Earlier this week, as I waited for the bus at Union Station, a woman in her sixties standing next to me in line turned and smiled. "This drought sure is terrible," she mused.
"Mmmm," I half-said half-mumbled back to her.
Ok, I'm not the most chipper in the morning. In fact, I sort of wish no one would speak to me at all. For hours.
She didn't pick up on my feelings; she continued on: "It's such a shame how much everyone is wasting water these days. Such a shame. When brushing their teeth, some people just don't turn off the water. Can you imagine?"
"How about you honey, do you turn off the water while you're brushing your teeth? You do, don't do?"
"Oh yes, absolutely," I replied.
Now whether I do or not (even though I do: indoctrinated by some cartoon I watched as a kid...Sesame Street??), here in Los Angeles, the drought is top of mind. It's discussed and noticed all over town. Especially for its effect on the food we grow.
There was a flurry of articles published a couple months back around the CA water reductions. Then a plethora of exposes and infographics showing how much water each food item takes to grow. Almonds, beef, alfalfa, etc. And, guess what, it takes a lot of water to grow most food!

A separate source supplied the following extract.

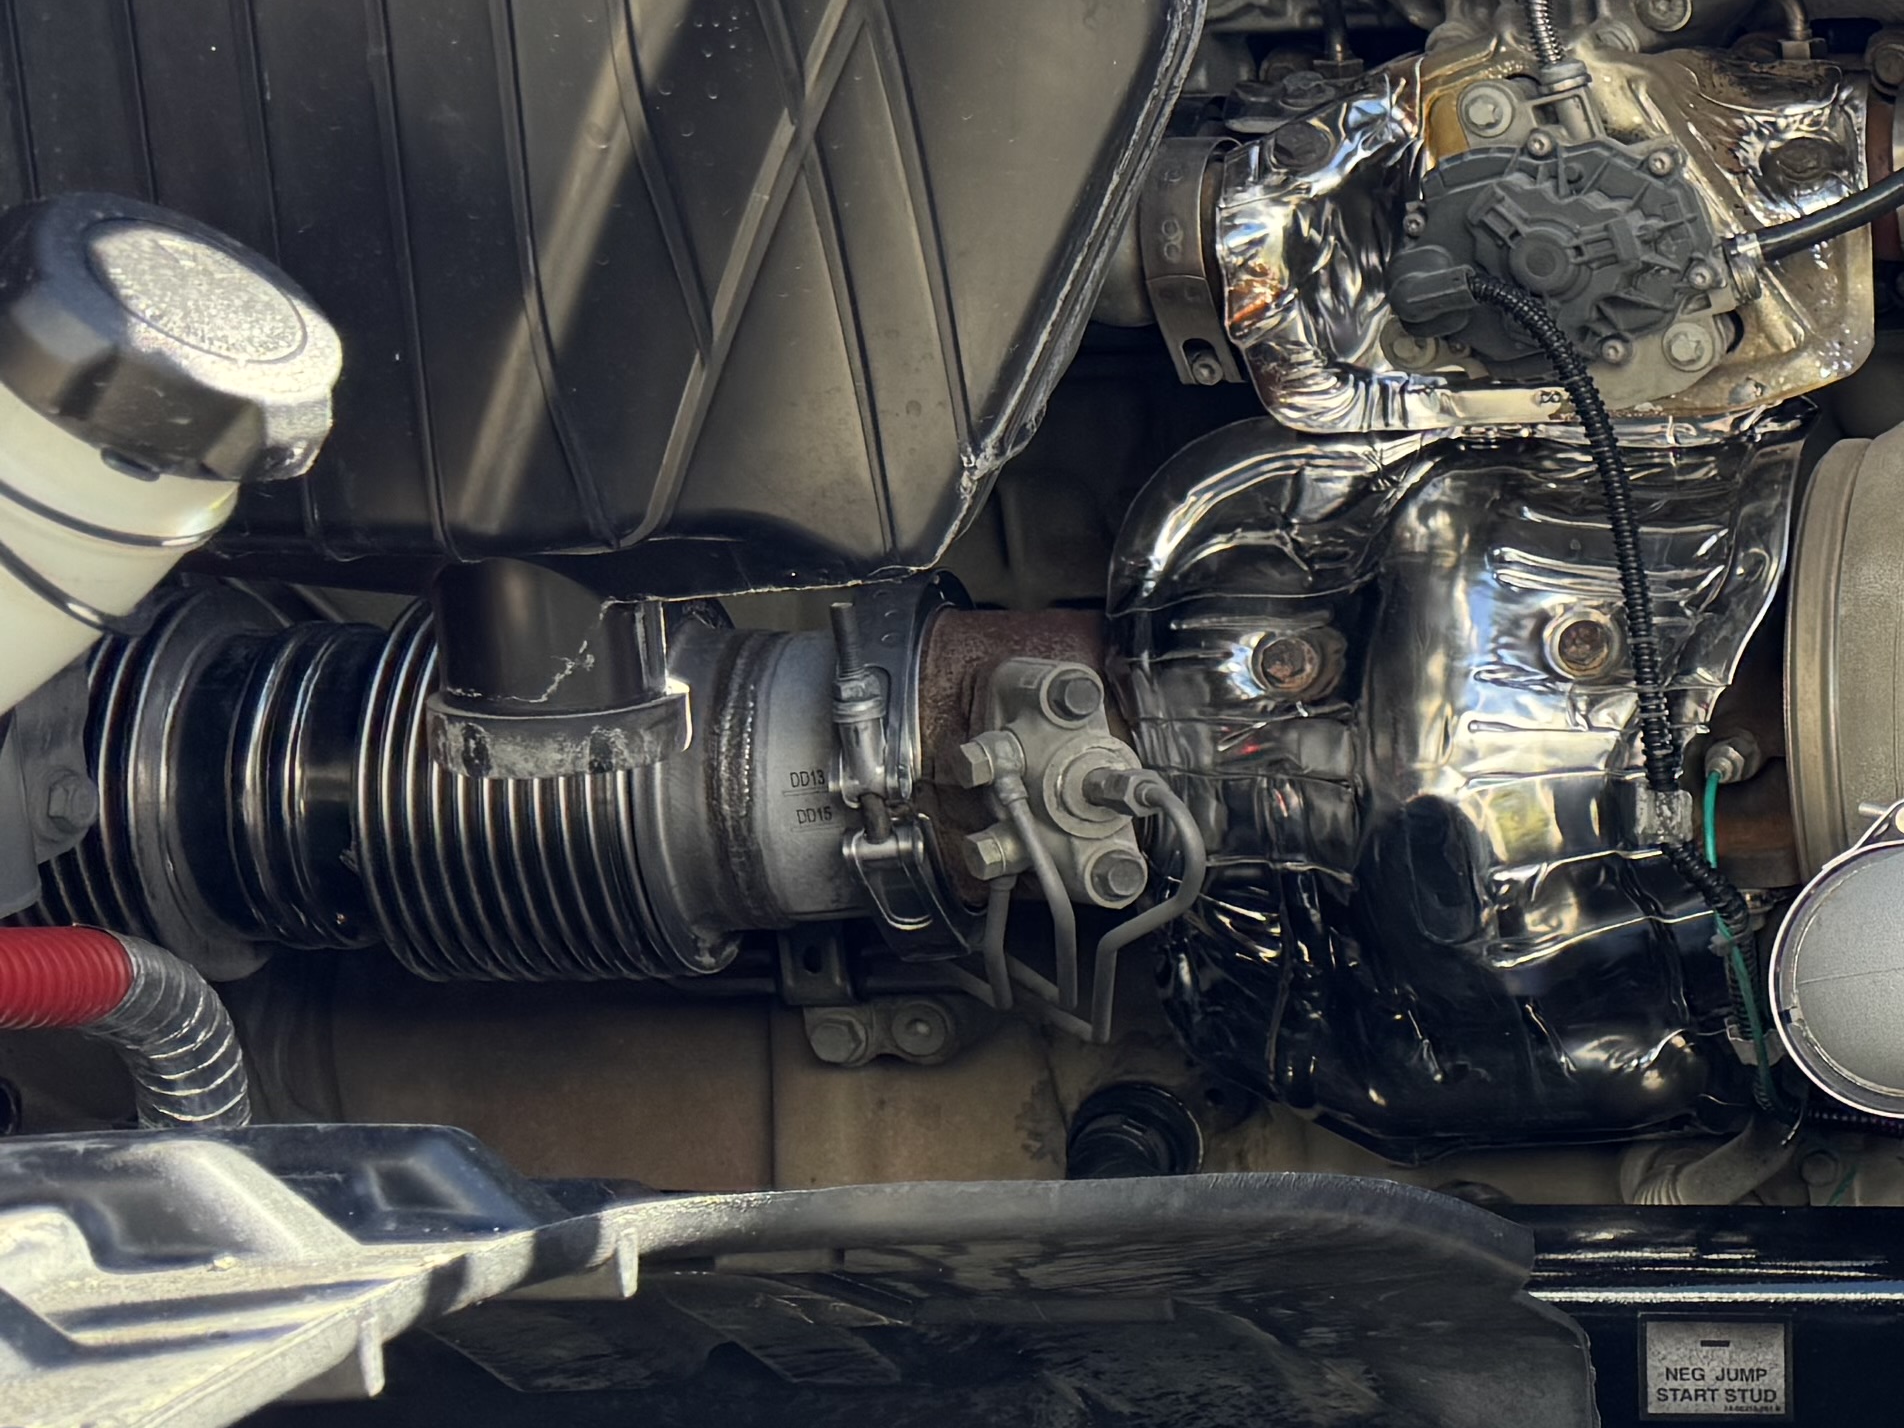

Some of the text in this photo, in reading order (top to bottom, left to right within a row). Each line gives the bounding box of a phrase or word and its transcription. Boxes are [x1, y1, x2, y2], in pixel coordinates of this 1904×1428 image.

[790, 769, 825, 788] DD13
[1665, 1367, 1767, 1382] NEG JUMP
[1657, 1388, 1777, 1403] START STUD

But we're so quick to vilify a food, or one piece of legislature, or one group of people. That gratification of placing the blame and then moving on. 'Cause you KNOW I would have gotten a lecture if I'd said I don't turn off the water while brushing my teeth. And would I be blame-worthy in that case?

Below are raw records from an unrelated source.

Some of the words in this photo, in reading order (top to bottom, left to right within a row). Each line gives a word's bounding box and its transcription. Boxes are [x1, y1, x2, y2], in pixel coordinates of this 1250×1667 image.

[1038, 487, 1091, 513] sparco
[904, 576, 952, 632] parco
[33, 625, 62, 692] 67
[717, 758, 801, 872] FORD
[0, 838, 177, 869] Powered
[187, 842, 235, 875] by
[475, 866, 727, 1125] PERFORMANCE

The more I read about this topic, and the rest of the food system, the more I realize how much I (and the public, who don't spend time trolling the internet for free videos on food --thank you Edible Education 101!) don't know. There are so many interlocking pieces and stakeholders that there will never be ONE EVIL villain. The complexities of the system, entrenched in historical precedent make it extremely hard to create systemic change. Some folks are trying. And gaining traction.
And in the meantime, don't point fingers and place blame. Let's just leave that unproductive behavior at home when we catch the bus in the morning.